Assignment | In the records that follow, skip the pictures and print everything else exactly.

__________

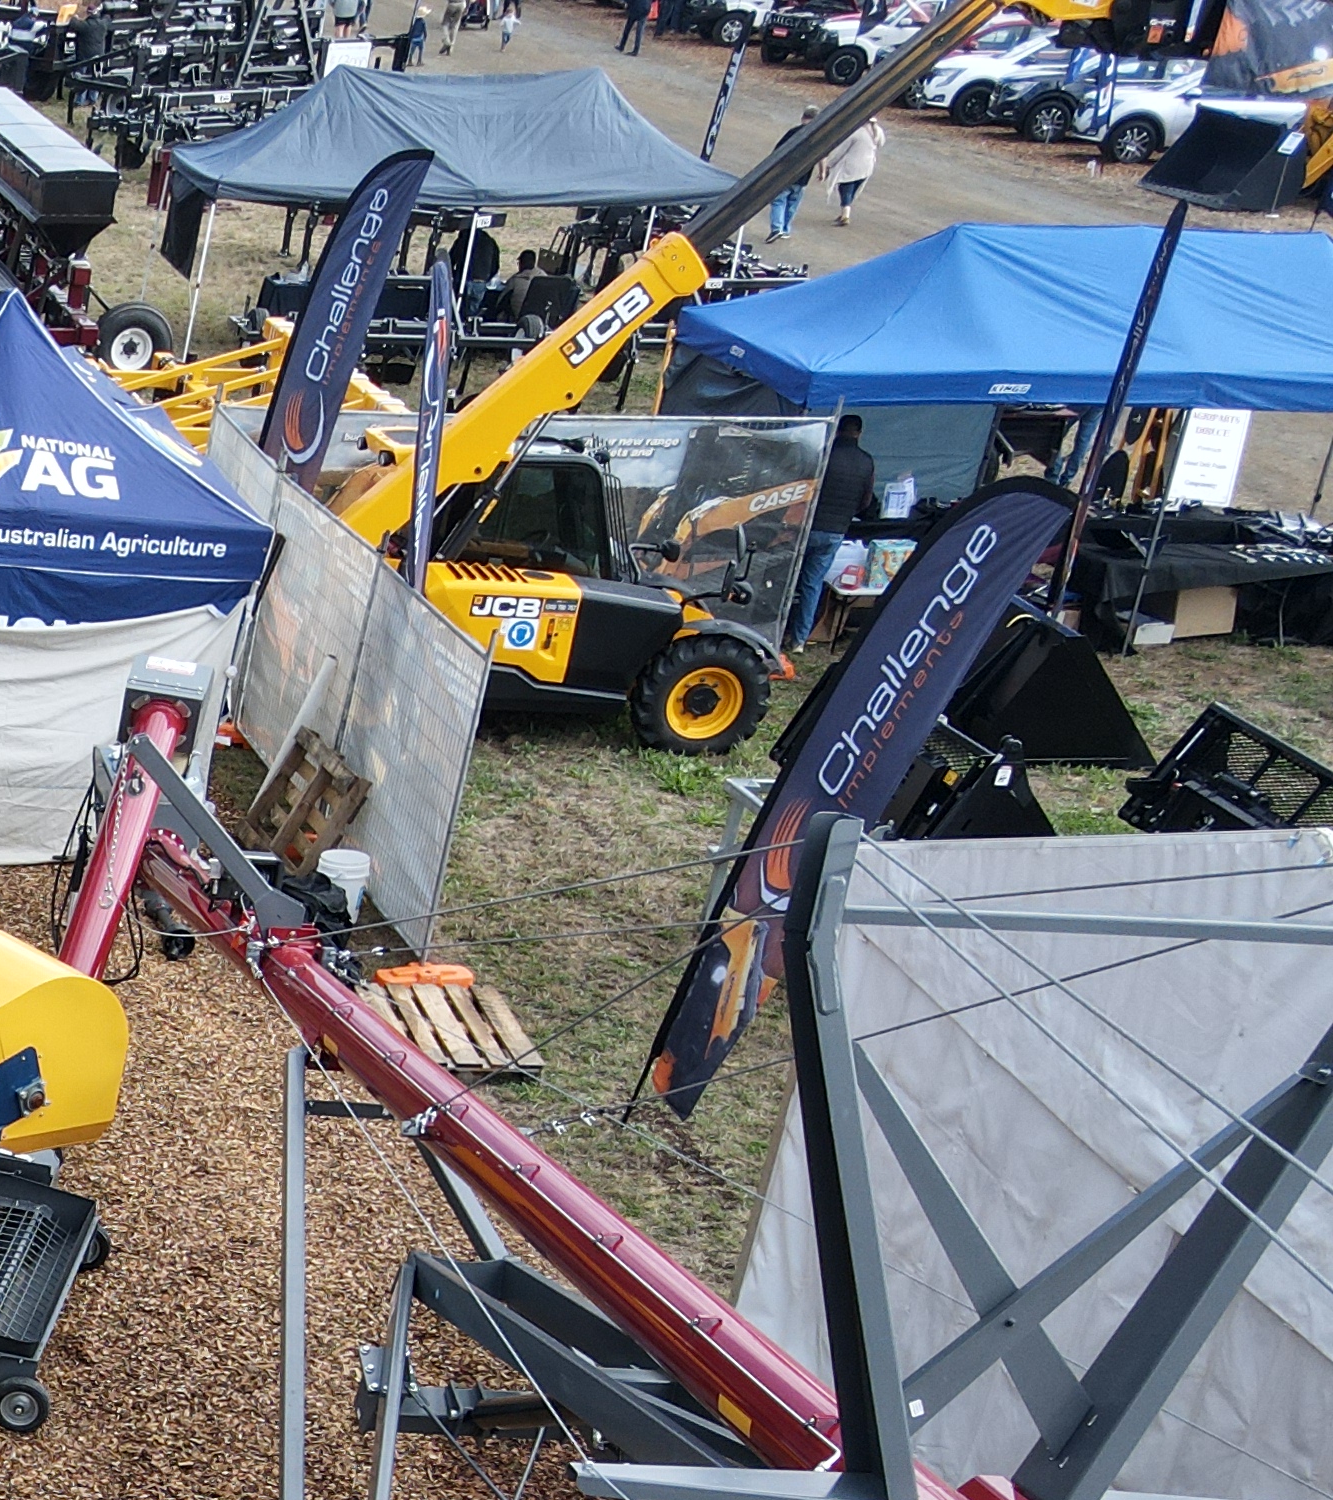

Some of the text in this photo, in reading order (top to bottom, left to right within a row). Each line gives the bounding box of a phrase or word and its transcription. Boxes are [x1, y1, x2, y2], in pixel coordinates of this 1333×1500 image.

[306, 188, 388, 382] Challenge
[568, 286, 650, 365] JCB
[21, 434, 116, 461] NATIONAL
[20, 451, 121, 500] AG
[749, 484, 808, 512] CASE
[101, 531, 227, 557] Agriculture
[471, 596, 542, 618] JCB
[818, 523, 997, 796] Challenge
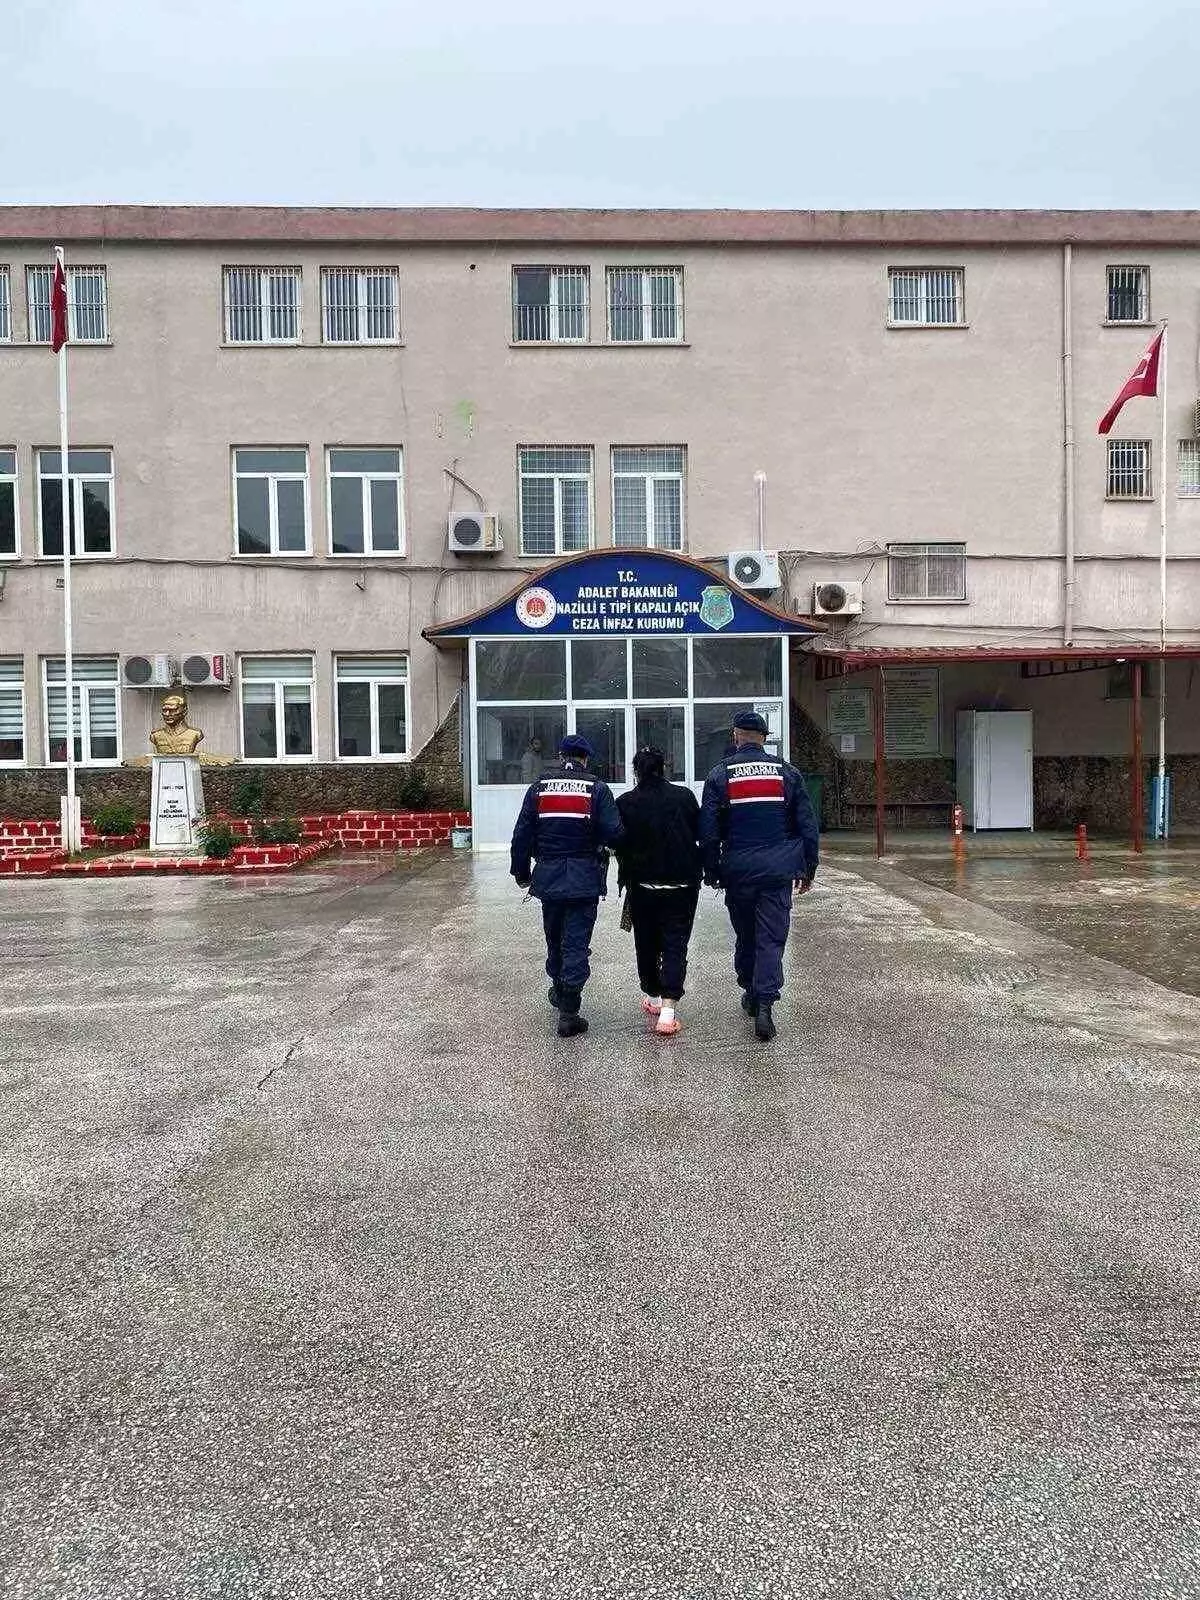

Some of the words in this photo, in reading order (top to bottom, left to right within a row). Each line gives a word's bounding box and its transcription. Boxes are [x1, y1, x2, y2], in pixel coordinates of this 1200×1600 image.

[617, 571, 638, 582] T.C.
[578, 586, 618, 598] ADALET
[621, 583, 678, 598] BAKANLIĞI
[557, 600, 597, 614] NAZİLLİ
[600, 602, 607, 614] E
[610, 599, 631, 614] TİPİ
[634, 602, 671, 614] KAPALI
[674, 602, 700, 616] AÇIK
[572, 618, 600, 630] CEZA
[603, 616, 634, 630] İNFAZ
[637, 617, 685, 629] KURUMU
[733, 764, 779, 778] JANDARMA
[543, 781, 588, 793] JANDARMA
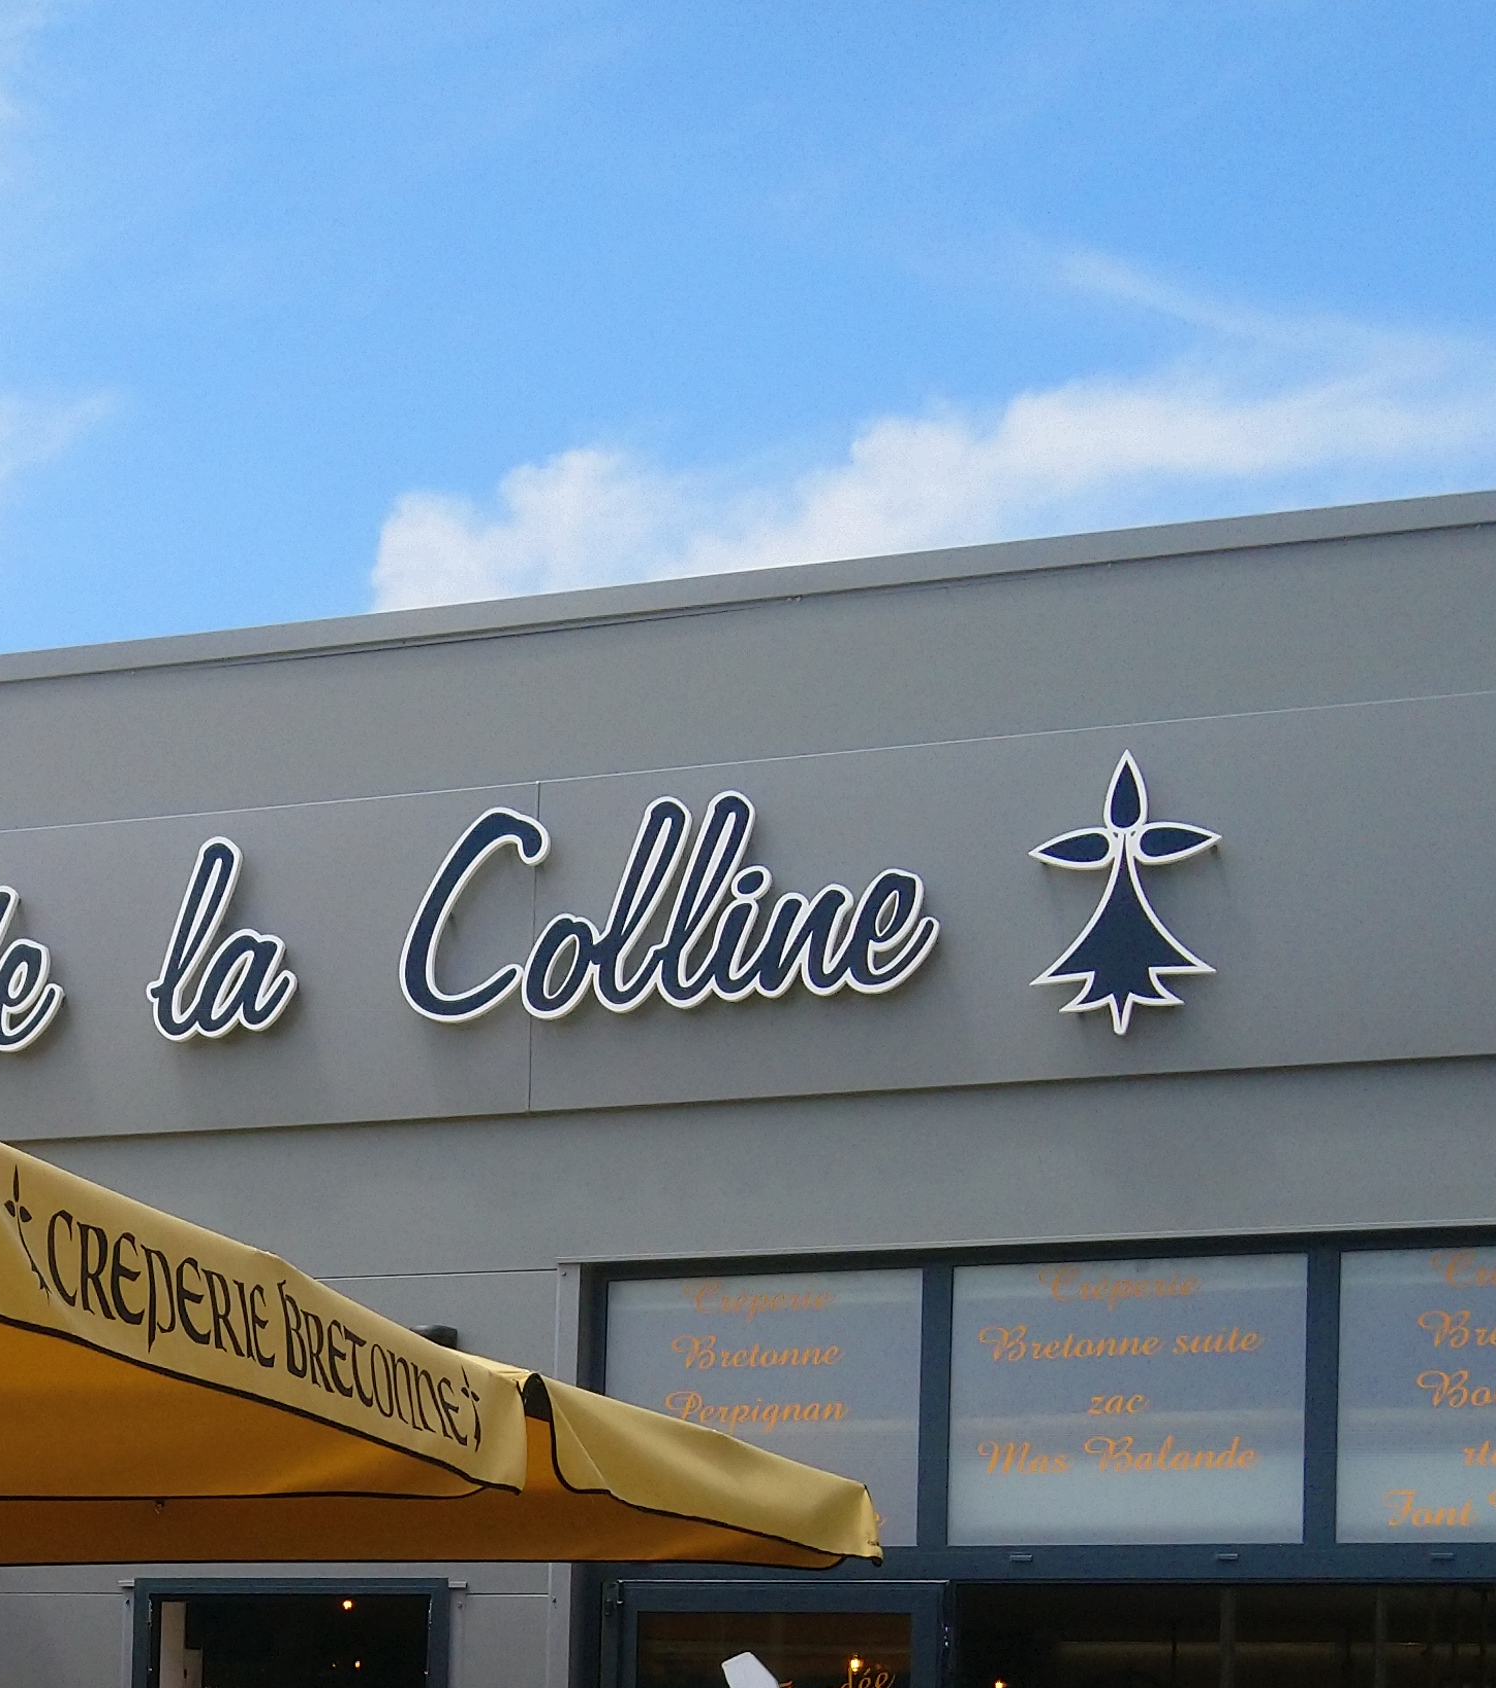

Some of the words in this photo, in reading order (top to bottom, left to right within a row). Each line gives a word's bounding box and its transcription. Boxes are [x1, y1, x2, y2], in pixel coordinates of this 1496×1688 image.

__________

Result for this exercise |
Some of the text in this photo, in reading order (top to bottom, left to right within a row). Each line gives the bounding box of a phrase or word and its transcription. Boxes are [x1, y1, x2, y2], in pixel coordinates of this 1333×1500 image.

[306, 188, 388, 382] Challenge
[568, 286, 650, 365] JCB
[21, 434, 116, 461] NATIONAL
[20, 451, 121, 500] AG
[749, 484, 808, 512] CASE
[101, 531, 227, 557] Agriculture
[471, 596, 542, 618] JCB
[818, 523, 997, 796] Challenge

Some of the words in this photo, in reading order (top to bottom, left to right within a row). Each line gives a word's bounding box and its transcription. Boxes are [x1, y1, x2, y2], in pixel coordinates of this 1200×1600 image.

[617, 571, 638, 582] T.C.
[578, 586, 618, 598] ADALET
[621, 583, 678, 598] BAKANLIĞI
[557, 600, 597, 614] NAZİLLİ
[600, 602, 607, 614] E
[610, 599, 631, 614] TİPİ
[634, 602, 671, 614] KAPALI
[674, 602, 700, 616] AÇIK
[572, 618, 600, 630] CEZA
[603, 616, 634, 630] İNFAZ
[637, 617, 685, 629] KURUMU
[733, 764, 779, 778] JANDARMA
[543, 781, 588, 793] JANDARMA

Some of the words in this photo, in reading order (top to bottom, left to right within a row). Each line gives a word's bounding box and its transcription. Boxes are [x1, y1, x2, y2], in pixel coordinates of this 1496×1688 image.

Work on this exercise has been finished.